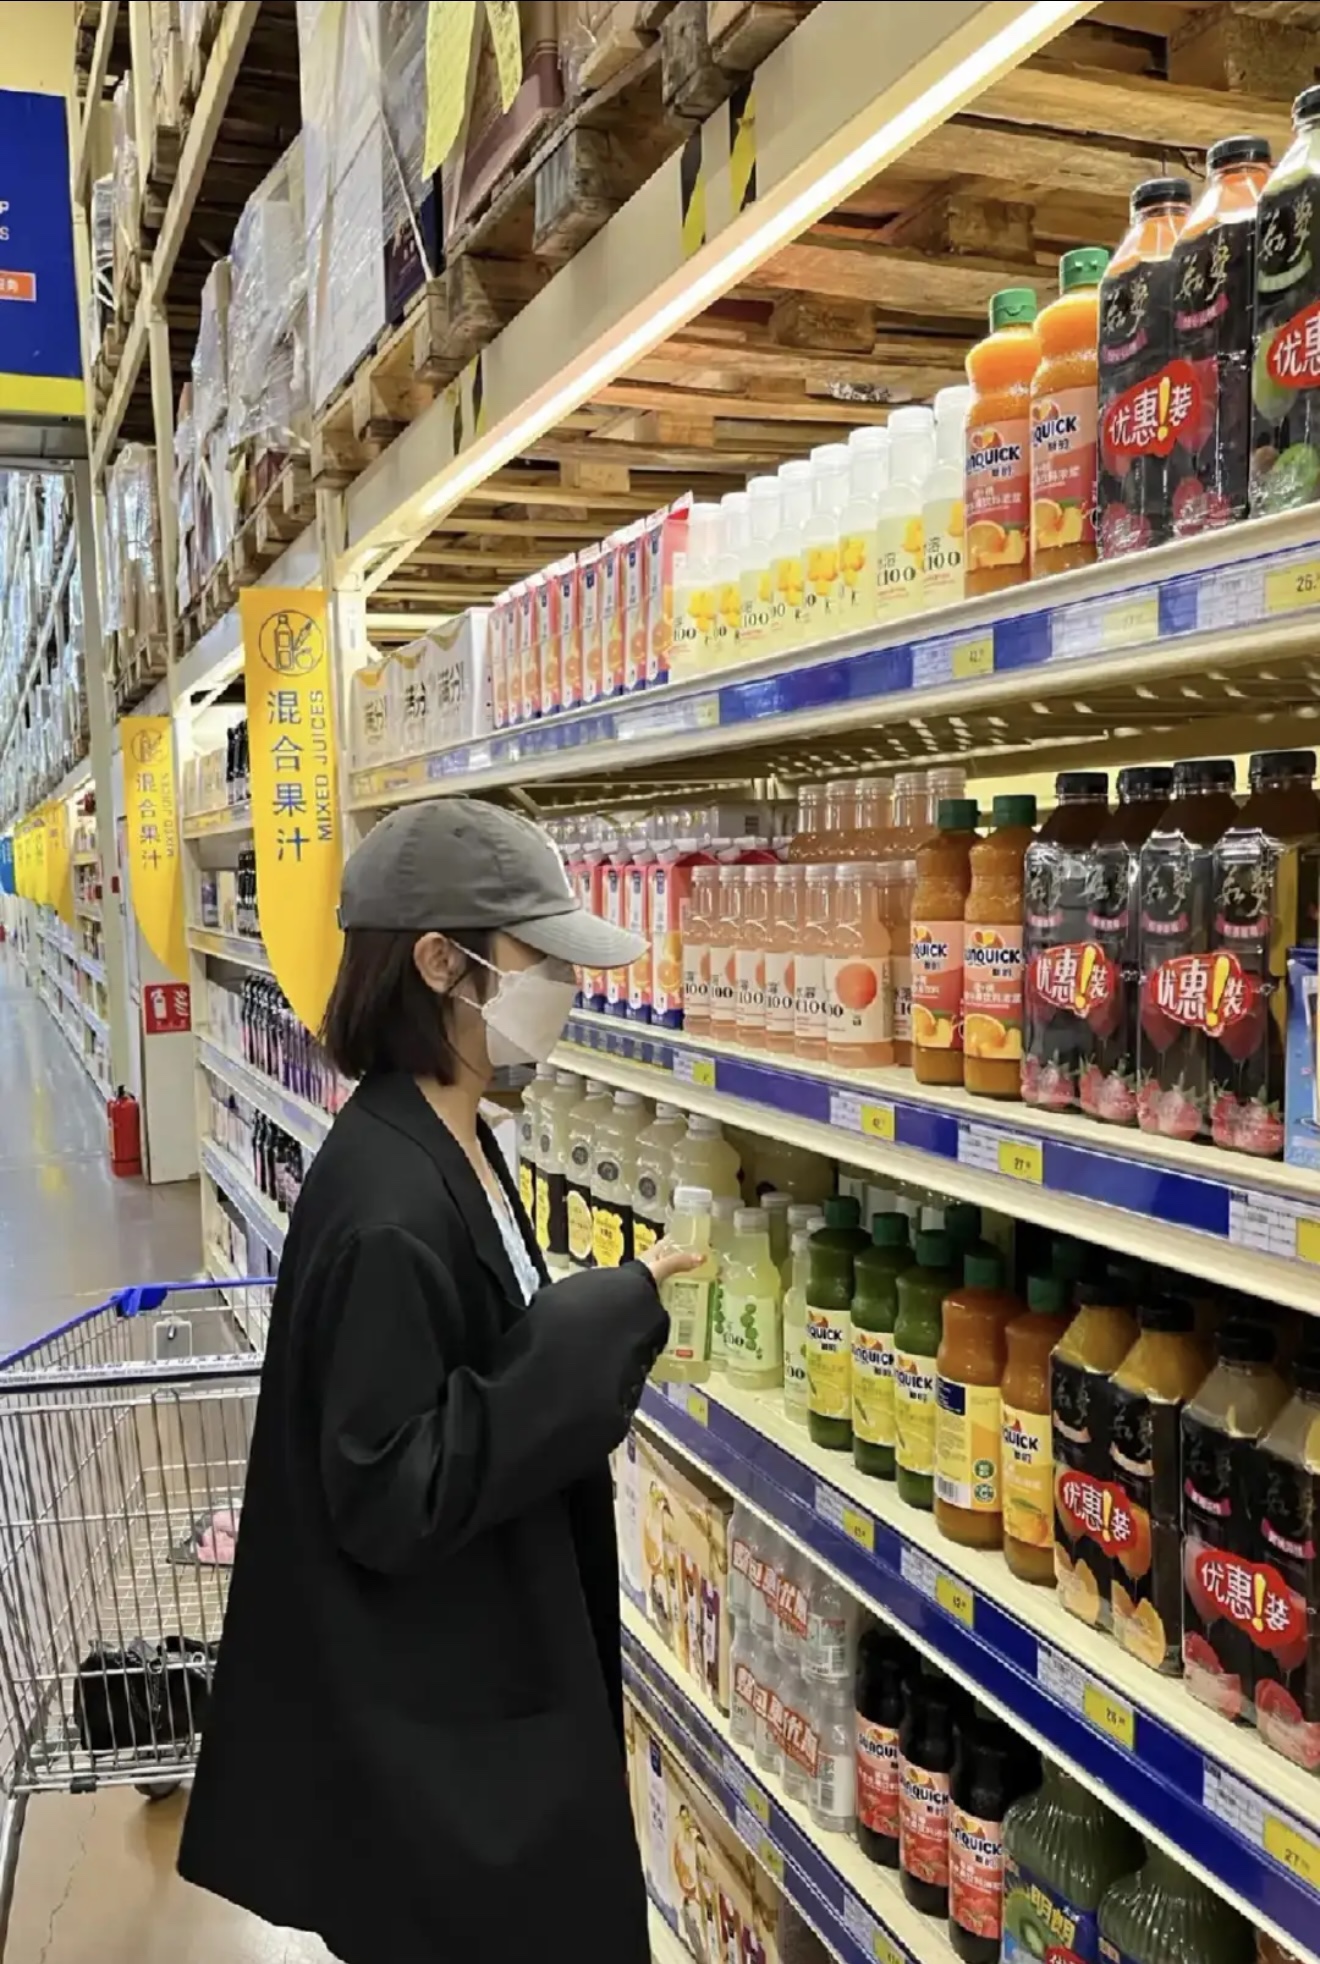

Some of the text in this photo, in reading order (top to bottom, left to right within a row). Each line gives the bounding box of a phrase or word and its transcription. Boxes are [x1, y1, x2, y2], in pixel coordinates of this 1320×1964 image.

[1109, 376, 1193, 446] 优惠!装
[267, 690, 310, 862] 混合果汁
[309, 690, 333, 841] MIXED JUICES
[136, 772, 162, 870] 混合果汁
[1036, 945, 1109, 1009] 优惠!装
[1157, 955, 1247, 1028] 优惠!装
[1062, 1481, 1131, 1542] 优惠!装
[1201, 1560, 1290, 1632] 优惠!装

—————

- WORK TO BE COMPLETED: Give the entries again exactly. Pictures stay out.

- RESULT:
Some of the text in this photo, in reading order (top to bottom, left to right within a row). Each line gives the bounding box of a phrase or word and its transcription. Boxes are [x1, y1, x2, y2], in pixel coordinates of this 1320×1964 image.

[1109, 376, 1193, 446] 优惠!装
[267, 690, 310, 862] 混合果汁
[309, 690, 333, 841] MIXED JUICES
[136, 772, 162, 870] 混合果汁
[1036, 945, 1109, 1009] 优惠!装
[1157, 955, 1247, 1028] 优惠!装
[1062, 1481, 1131, 1542] 优惠!装
[1201, 1560, 1290, 1632] 优惠!装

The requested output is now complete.